Get to know our Team:
We are living in dynamic times. Technology is reshaping how we live, and we want to use it to redefine how financial services are offered. Grab is the leading technology company in Southeast Asia offering everyday services to the masses. Singtel is Asia’s leading communications group connecting millions of consumers and enterprises to essential digital services. This is why we are coming together to unlock big dreams, and financial inclusion for people in our region is just one of them. We want to build a digital bank with the right foundation - using data, technology and trust to solve problems and serve customers. If you have what it takes to help build this new Digibank with us.
Get to know the Role:
As the Lead Data Engineer in the Data Technology team, you will be working on all aspects of Data, from Platform and Infra build out to pipeline engineering and writing tooling/services for augmenting and fronting the core platform. You will be responsible for building and maintaining the state-of-the-art data Life Cycle management platform, including acquisition, storage, processing and consumption channels. The team works closely with Data scientists, Product Managers, Finance, Legal, Compliance and business stakeholders across the SEA in understanding and tailoring the offerings to their needs. As a member of the Data Tech team, you will be an early adopter and contributor to various open source big data technologies and you are encouraged to think out of the box and have fun exploring the latest patterns and designs in the fields of Software and Data Engineering.
The day-to-day activities:
- Build and manage the data asset using some of the most scalable and resilient open source big data technologies like Airflow, Spark, Snowflake, Kafka, Kubernetes, ElasticSearch, Superset and more on cloud infrastructure.

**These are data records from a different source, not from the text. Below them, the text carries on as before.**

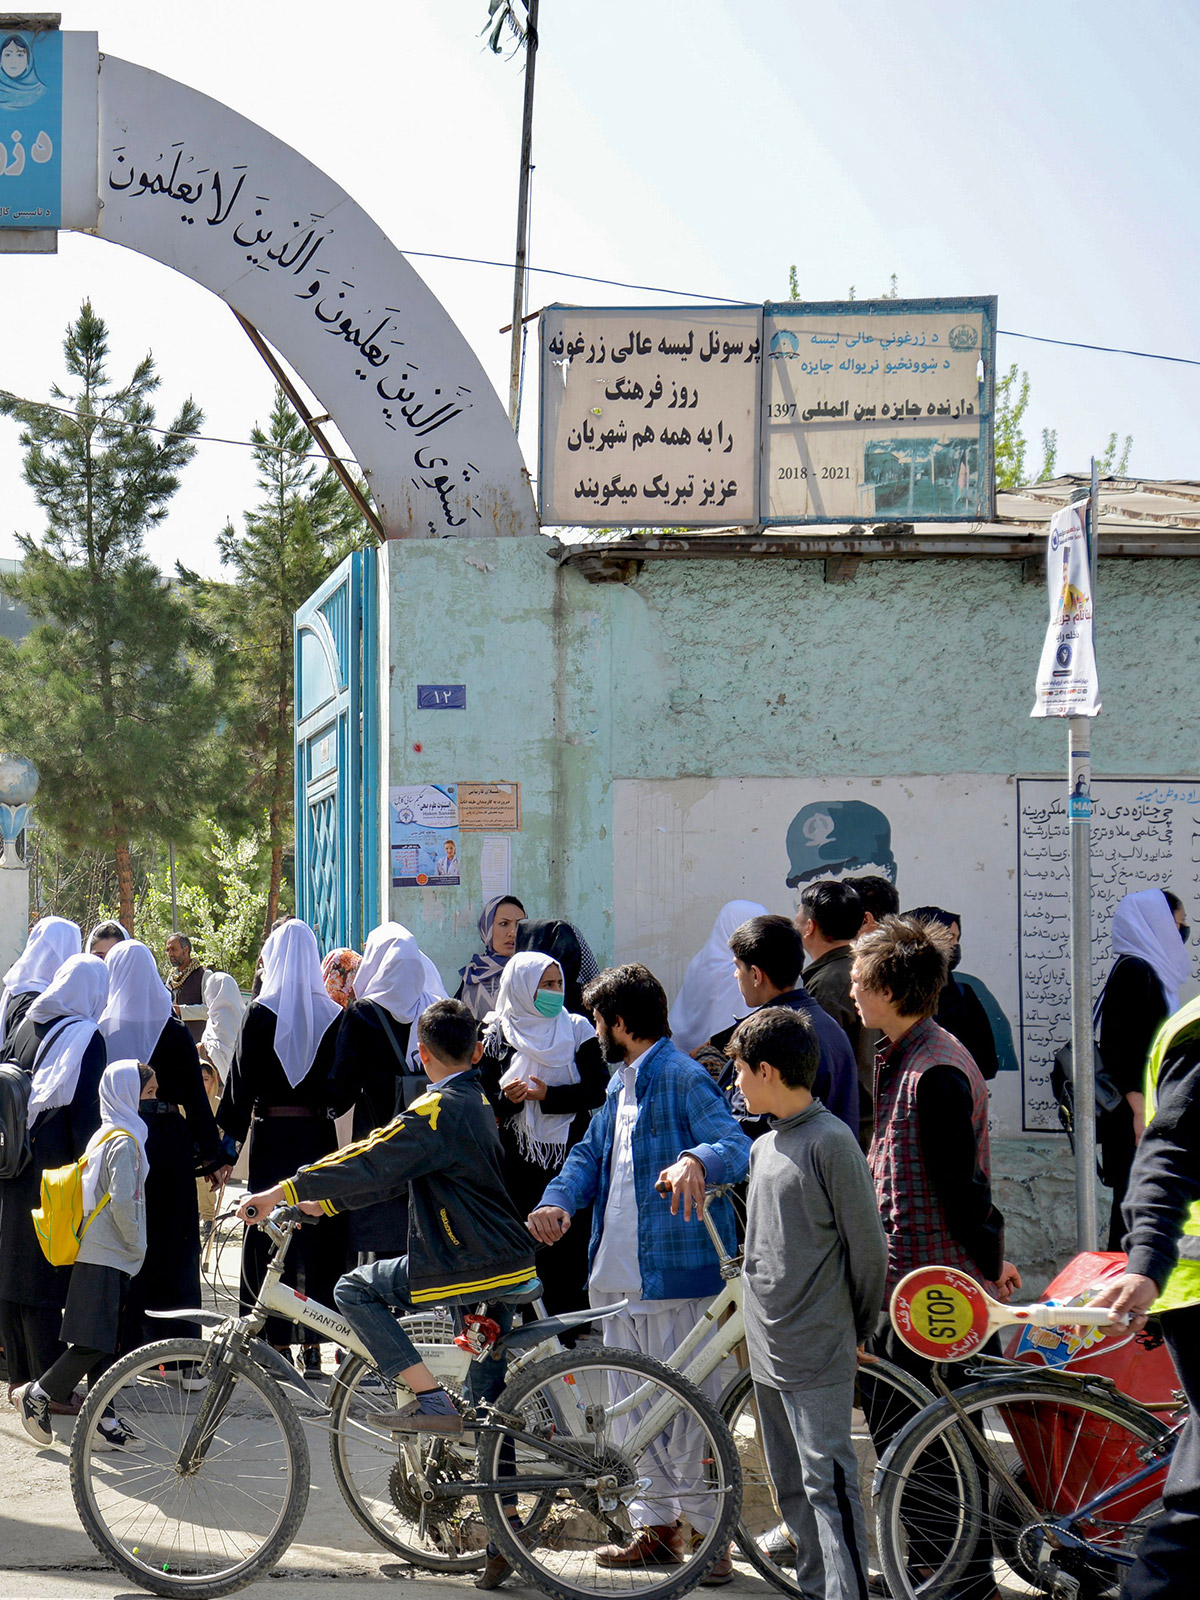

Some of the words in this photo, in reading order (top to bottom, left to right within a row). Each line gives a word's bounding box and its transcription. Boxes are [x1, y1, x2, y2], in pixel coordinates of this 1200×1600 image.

[31, 131, 53, 163] د
[549, 330, 606, 364] زرغونه
[657, 330, 694, 361] لیسه
[810, 332, 840, 349] لیسه
[931, 334, 939, 343] د
[801, 358, 834, 375] جایزه
[943, 358, 951, 369] د
[604, 373, 663, 408] فرهنگ
[667, 380, 699, 408] روز
[766, 403, 798, 418] 1397
[853, 402, 877, 421] بین
[881, 400, 923, 420] جایزه
[927, 398, 975, 419] دارنده
[567, 419, 628, 452] شهریان
[632, 425, 655, 451] هم
[659, 425, 691, 446] همه
[697, 426, 713, 452] به
[718, 420, 734, 453] را
[777, 466, 809, 480] 2018
[821, 466, 851, 480] 2021
[574, 473, 638, 506] میگویند
[642, 474, 694, 506] تبریک
[698, 479, 738, 506] عزیز
[302, 1307, 351, 1337] PHANTOM
[927, 1289, 957, 1339] STOP
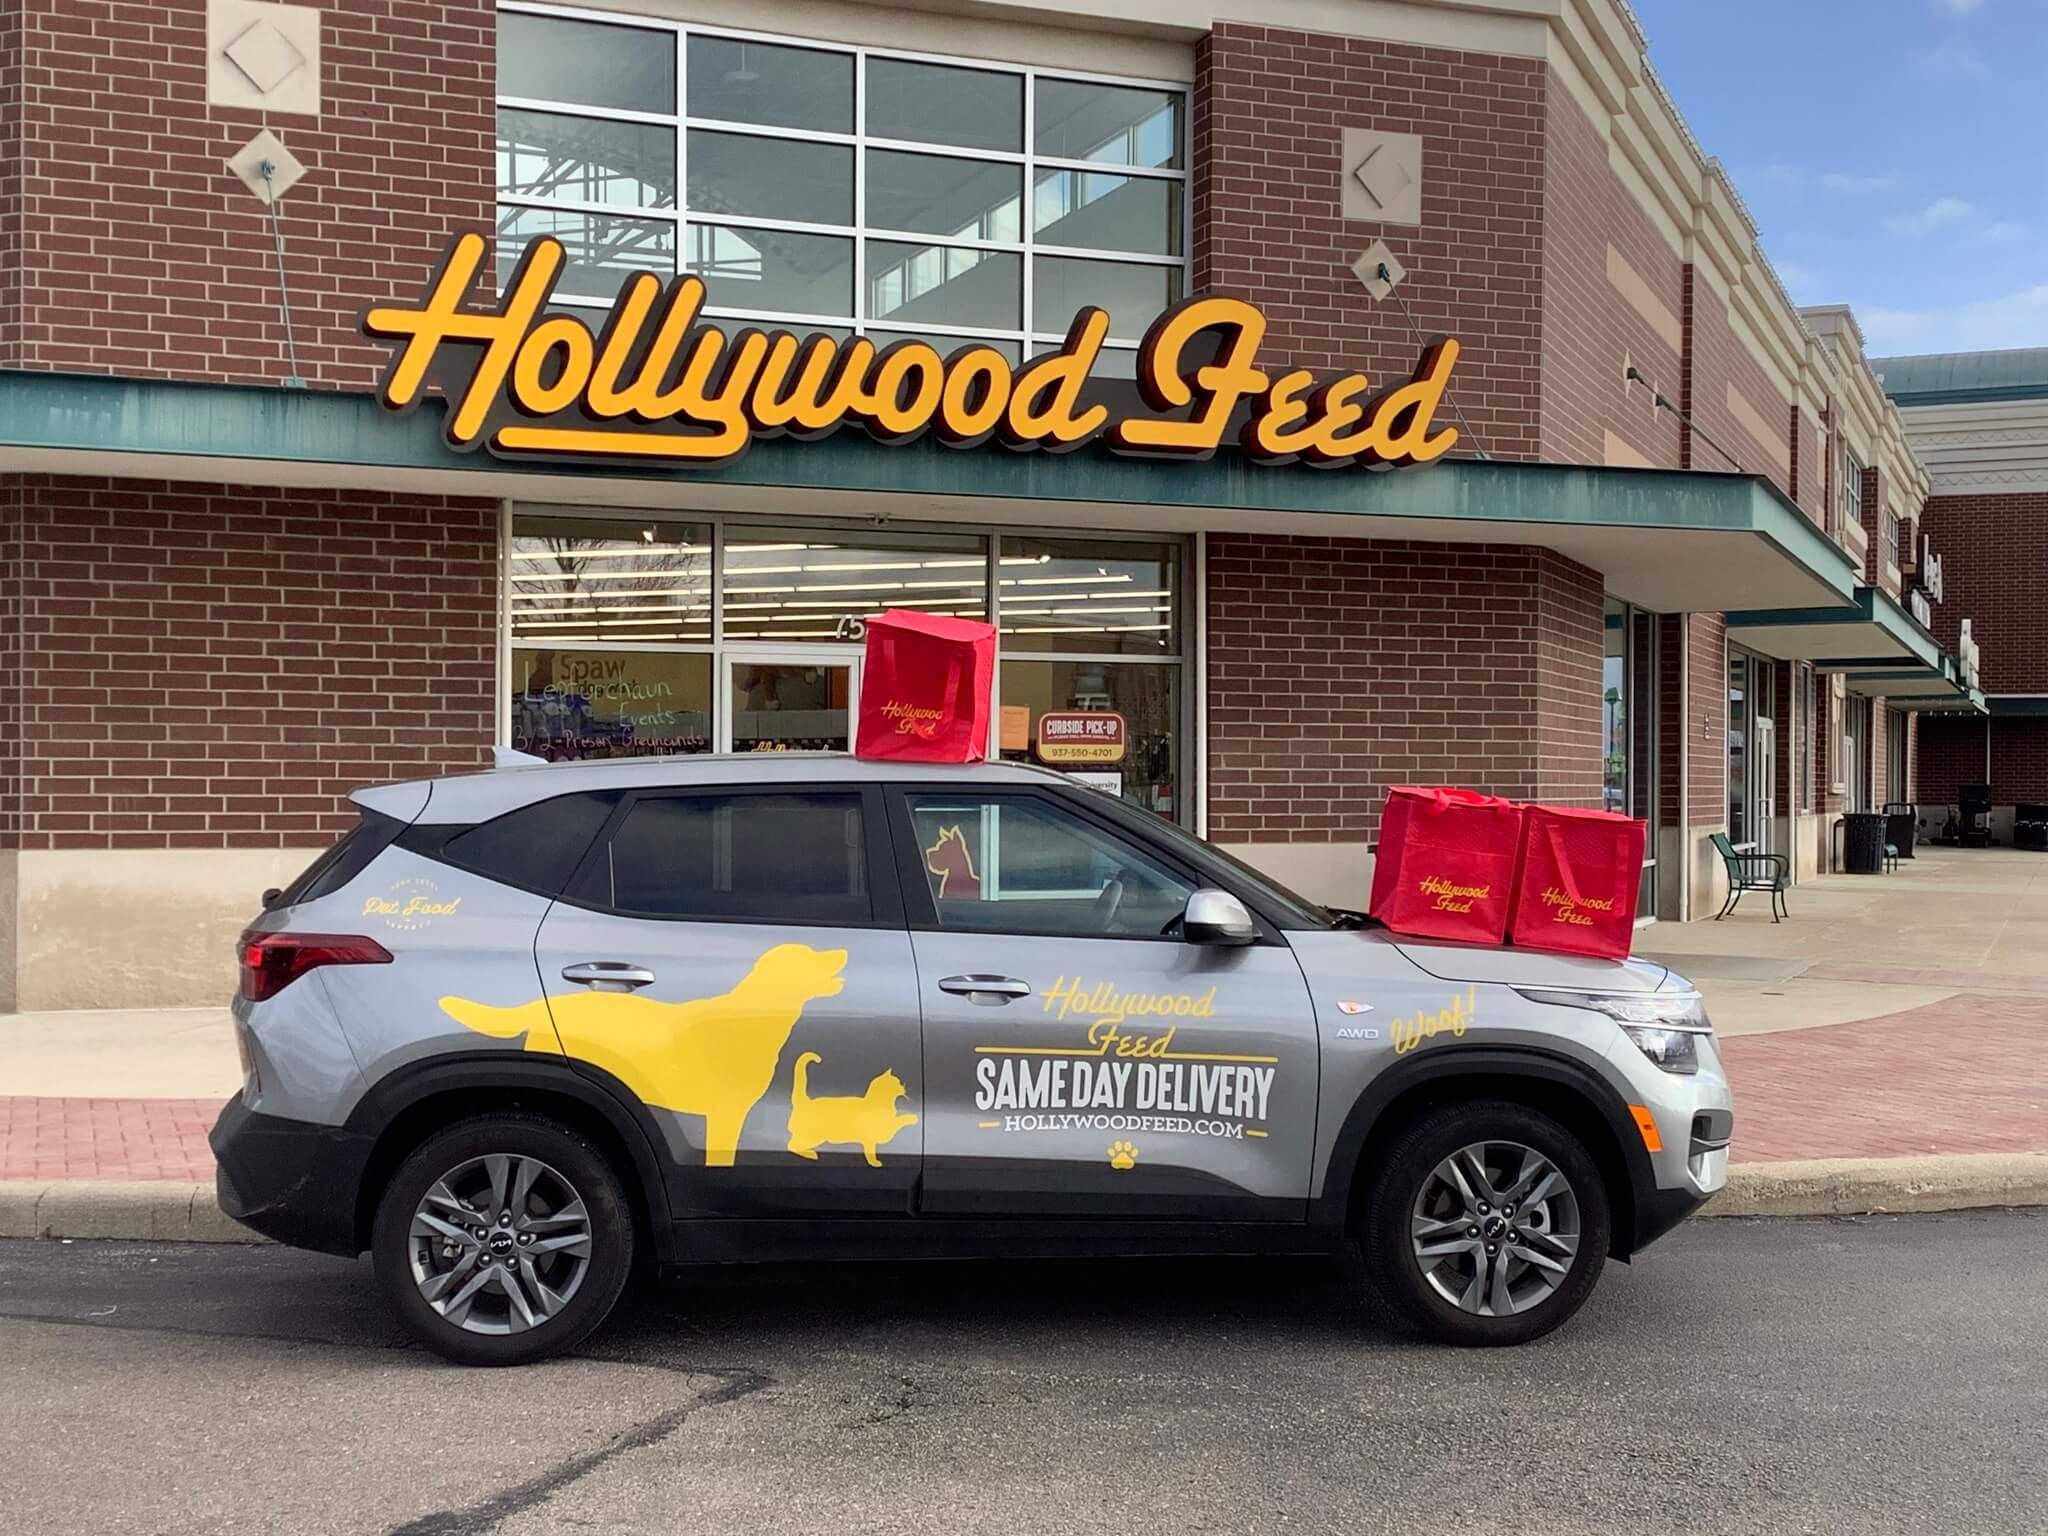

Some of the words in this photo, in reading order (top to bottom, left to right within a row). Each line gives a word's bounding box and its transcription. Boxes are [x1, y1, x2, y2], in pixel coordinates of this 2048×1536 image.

[364, 232, 1108, 458] Hollywood
[1119, 298, 1460, 462] Feed
[620, 701, 677, 727] Events
[880, 700, 944, 721] Hollywoo
[1047, 720, 1084, 734] CURBSIDE
[1086, 720, 1118, 735] PICK-UP
[1052, 748, 1112, 757] 937-550-4701
[1419, 876, 1490, 898] Hollywood
[1432, 895, 1474, 913] Feed
[1040, 976, 1218, 1021] Hollywood
[1389, 985, 1476, 1055] Woof!
[1088, 1017, 1177, 1058] Feed
[1336, 1027, 1379, 1039] AWD
[975, 1058, 1068, 1111] SAME
[1071, 1061, 1133, 1109] DAY
[1135, 1063, 1276, 1120] DELIVERY
[1004, 1115, 1244, 1139] HOLLYWOODFEED.COM

- Design and deliver the next-gen data lifecycle management suite of tools/frameworks, including ingestion and consumption on the top of the data lake to support real-time, API-based and serverless use-cases, along with batch (mini/micro) as relevant
- Build and expose metadata catalog for the Data Lake for easy exploration, profiling as well as lineage requirements
- Enable Data Science teams to test and productionize various ML models, including propensity, risk and fraud models to better understand, serve and protect our customers. Lead technical discussions across the organization through collaboration, including running RFC and architecture review sessions, tech talks on new technologies as well as retrospectives
- Apply core software engineering and design concepts in creating operational as well as strategic technical roadmaps for business problems that are vague/not fully understood. Obsess security by ensuring all the components, from a platform, frameworks to the applications are fully secure and are compliant by the group’s infosec policies.
The must haves:
- At least 4+ years of relevant experience in developing scalable, secured, distributed, fault tolerant, resilient & mission-critical Big Data platforms.
- Able to maintain and monitor the ecosystem with 99.99% availability
- Candidates will be aligned appropriately within the organization depending on experience and depth of knowledge.
- Must have good fundamental hands-on knowledge of Linux and building a big data stack on top of AWS using Kubernetes.
- Proficiency in at least one of the programming languages Python, Scala or Java.
- Strong understanding of big data and related technologies like Spark, Airflow, Kafka etc.
- Experience with NoSQL databases – KV, Document and Graph
- Able to drive devops best practices like CI/CD, containerization, blue-green deployments, 12-factor apps, secrets management etc in the Data ecosystem.
- Good understanding of Machine Learning models and efficiently supporting them is a plus.